Thursday, April 16, 2020

The Main Barriers to Critical Thinking

I have written on critical thinking and studied it for several years. I have discovered that some issues are the primary obstacles to overcome when trying to encourage people to use critical thinking.

The simple fact is that if you give people a definition of critical thinking the almost universal response is a variation of "I am smart/ a naturally good critical thinker, other people need to study this. I don't have that problem, they do."

 The fact is that critical thinking is a subject and requires a lot of study, questioning and hard work to even begin to learn. It is more like a martial art that requires lots of discipline, practice, concentration, devotion and gradual development than a trait like strength or speed that people have greatly varying degrees of natural endowment in.

People usually treat it as a trait that they have a high degree of naturally and that others, especially others they disagree with and in groups that oppose their beliefs have a low degree of.

But the obvious question is why ?

There are several factors that contribute to this result and I want to take on several of them, starting with some that are the building blocks that combine to create the overall effect.

I think that the fundamental grouping that we need to take on is folk psychology. We have ideas and assumptions about human behavior and minds that we get from parents, ourselves, peer groups and society overall and many of these ideas are, frankly, wrong.

We all hear stories from people like our parents and teachers that describe personal character and they are not all accurate for understanding human beings. We usually don't closely inspect the fundamental assumptions we have or the metaphors that frame how we think of everything else.
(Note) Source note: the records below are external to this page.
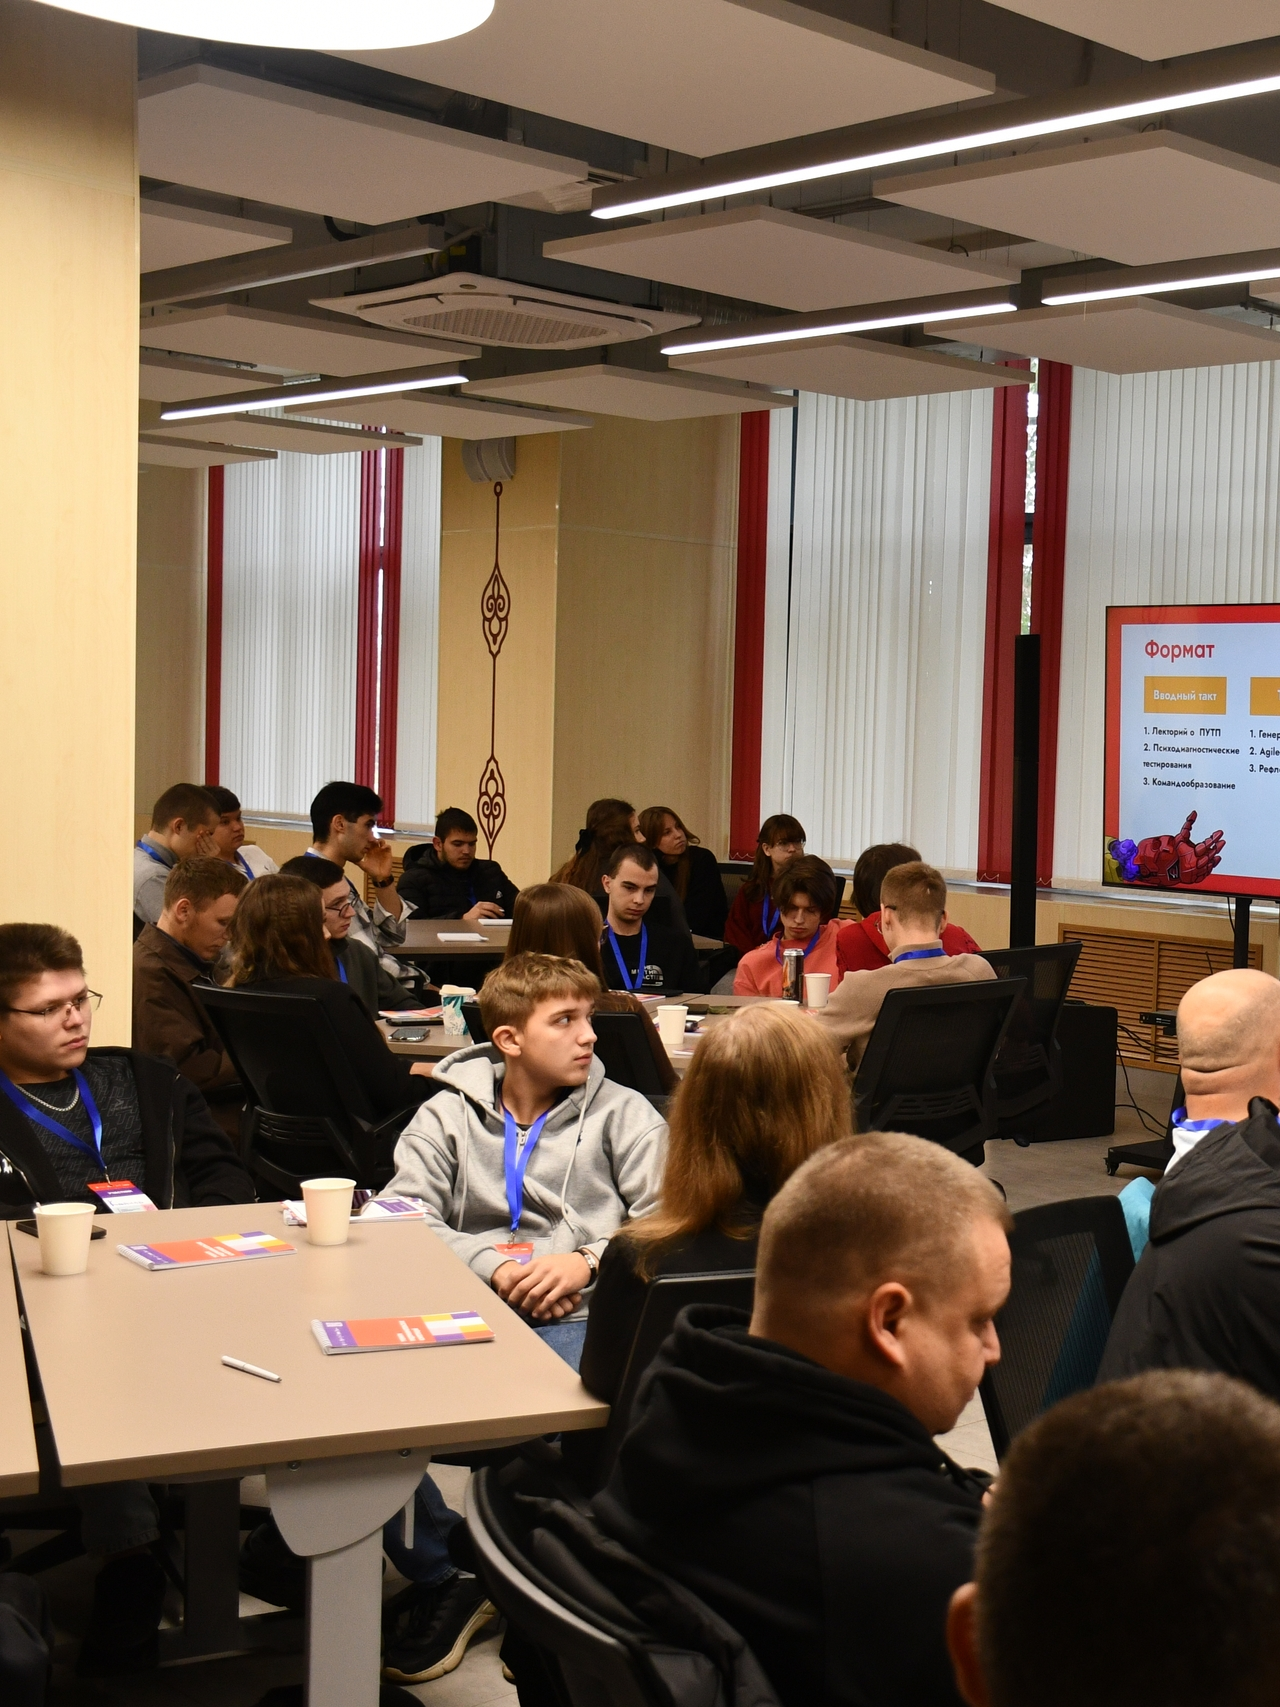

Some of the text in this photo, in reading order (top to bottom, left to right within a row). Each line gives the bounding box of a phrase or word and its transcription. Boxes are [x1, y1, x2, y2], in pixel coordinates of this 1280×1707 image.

[1145, 639, 1215, 663] Формат
[1153, 689, 1217, 701] Вводный такт
[1144, 727, 1150, 735] 1.
[1152, 727, 1188, 738] Лекторий
[1199, 728, 1221, 737] ПУТП
[1249, 730, 1256, 738] 1.
[1143, 743, 1240, 755] 2. Психодиагностические
[1249, 747, 1257, 756] 2.
[1143, 761, 1192, 770] тестирования
[1249, 764, 1256, 773] 3.
[1143, 777, 1236, 790] 3. Командообразование
As children our critical and independent thinking is so poorly developed that we are extremely vulnerable to indoctrination and so we unthinkingly accept the ideas our parents, teachers and peers give us and we usually don't realize the drawbacks of hanging onto these beliefs and unexamined assumptions as adults.

So, how do we correct this ? In part the answer is individual and shaped by our own life experiences.
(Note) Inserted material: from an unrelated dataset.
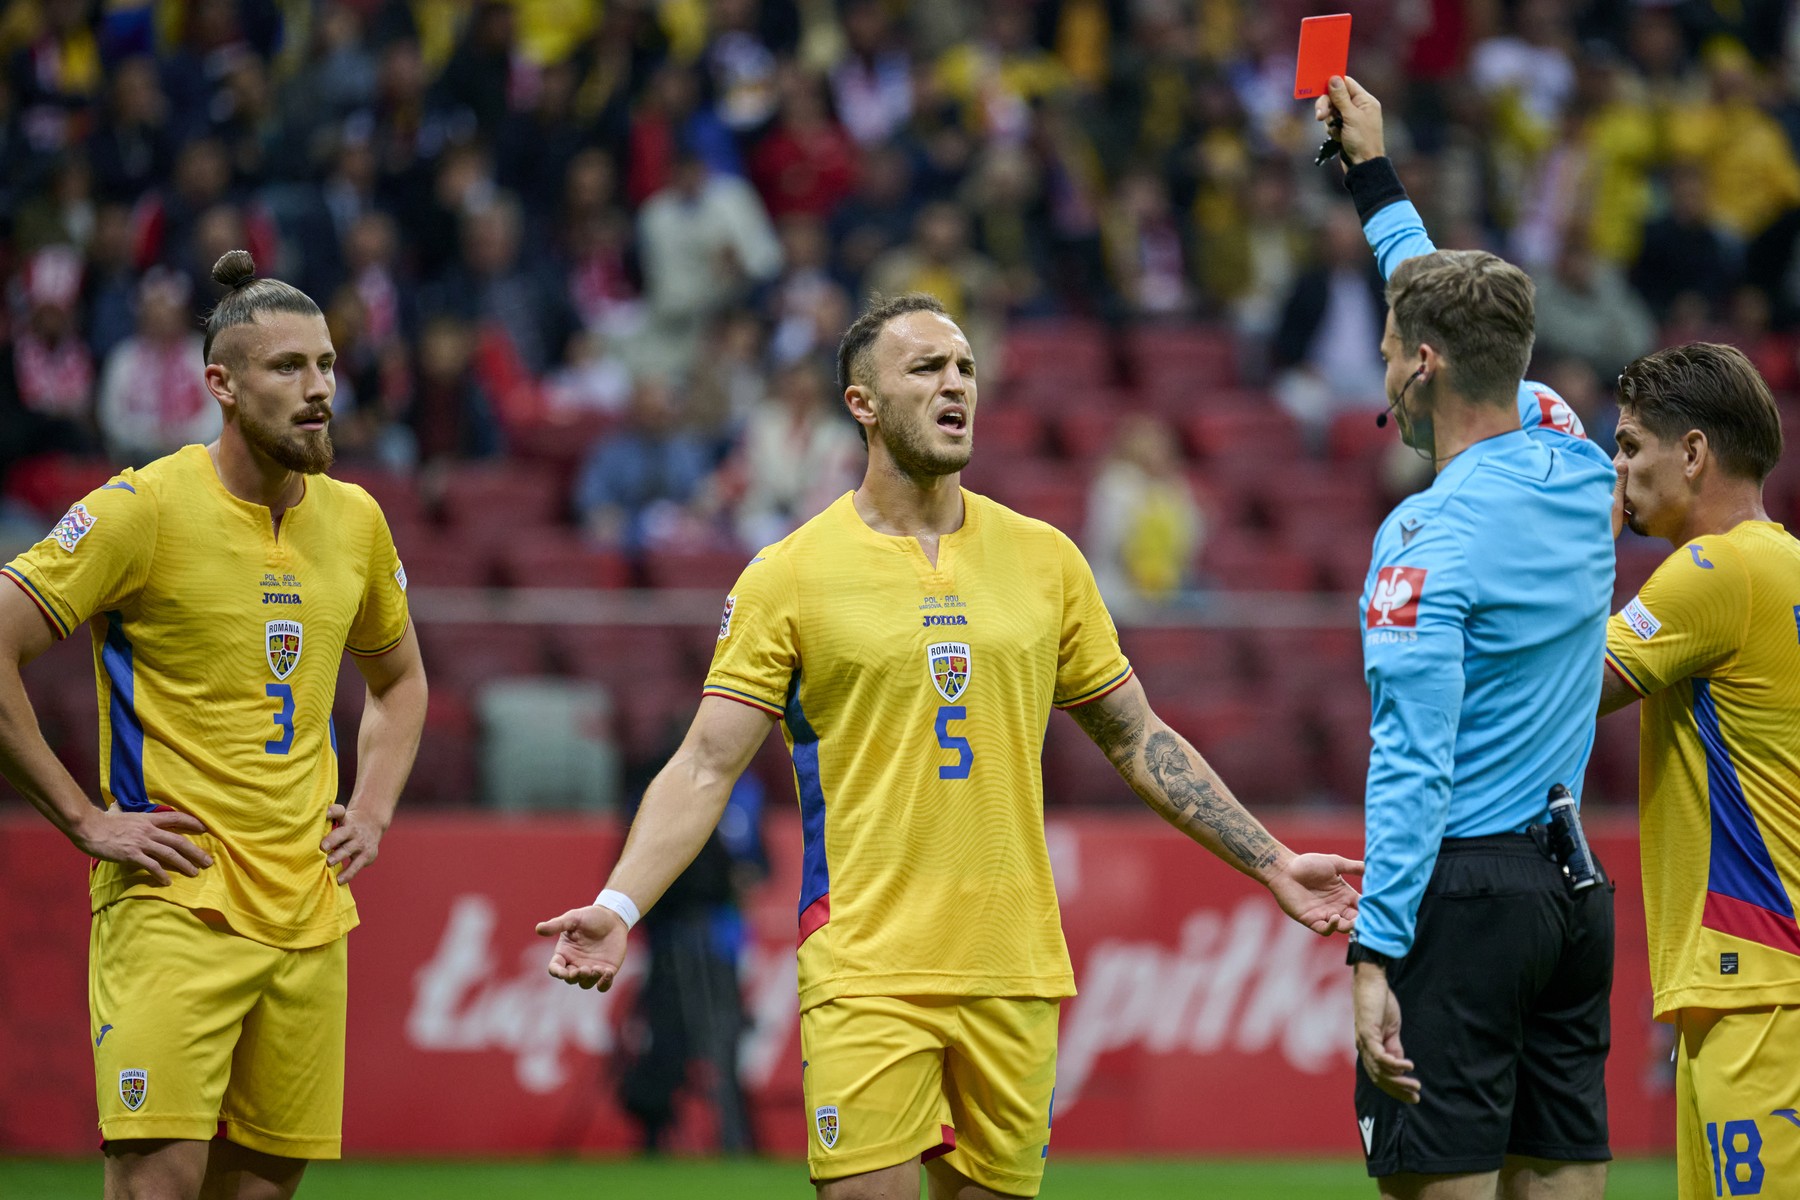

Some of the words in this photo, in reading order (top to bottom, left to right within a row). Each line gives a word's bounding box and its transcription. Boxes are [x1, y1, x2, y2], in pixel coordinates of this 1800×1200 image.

I think a good starting point is to examine cognitive biases because they affect all of us and are not well laid out in folk psychology. Several contradict folk psychology, so learning them can undo false ideas and replace them with true relevant information.
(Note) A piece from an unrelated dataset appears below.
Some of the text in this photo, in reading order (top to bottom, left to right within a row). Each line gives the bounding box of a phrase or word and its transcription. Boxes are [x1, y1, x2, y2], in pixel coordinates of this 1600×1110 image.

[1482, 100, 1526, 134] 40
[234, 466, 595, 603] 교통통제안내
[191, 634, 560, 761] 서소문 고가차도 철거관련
I want to use quotes from an article to give a foundation on cognitive biases to examine. If you have a good understanding of the subject at the base level it can serve you well for evaluating the topic in other contexts.








50 COGNITIVE BIASES TO BE AWARE OF SO YOU CAN BE THE VERY BEST VERSION OF YOU

The human brain is pretty tricky: While we think we know things, there’s a whole list of cognitive biases that can be gumming up the works. We’ve found 50 types of cognitive bias that come up nearly every day, in petty Facebook arguments, in horoscopes, and on the global stage. Along with their definitions, these are real-life examples of cognitive bias, from the subtle groupthink sabotaging your management meetings to the pull of anchoring making you spend way too much money at a store during a sale. Knowing about this list of biases can help you make more informed decisions and realize when you’re way off the mark.

WHAT IS COGNITIVE BIAS?
Let’s start off with a basic cognitive bias definition: It is a systematic error in cognitive processes (like thinking, perceiving, and memory) diverging from rationality, which can affect judgments. If we think of the human brain as a computer, cognitive bias basically is an error in the code, making us perceive the input differently or come up with an output that’s illogical.
But there are other types of bias as well that aren’t necessarily cognitive; for example, there’s the theory of social proofing, which is one of the more popular social psychological biases. Also, there can be cognitive theories that aren’t necessarily considered biases, or rather, they’re more like a network of common biases tangled together, like cognitive dissonance, which causes mental discomfort when we hold conflicting ideas or beliefs in our minds. Then, there’s the world-famous placebo effect, which can actually result in physiological changes.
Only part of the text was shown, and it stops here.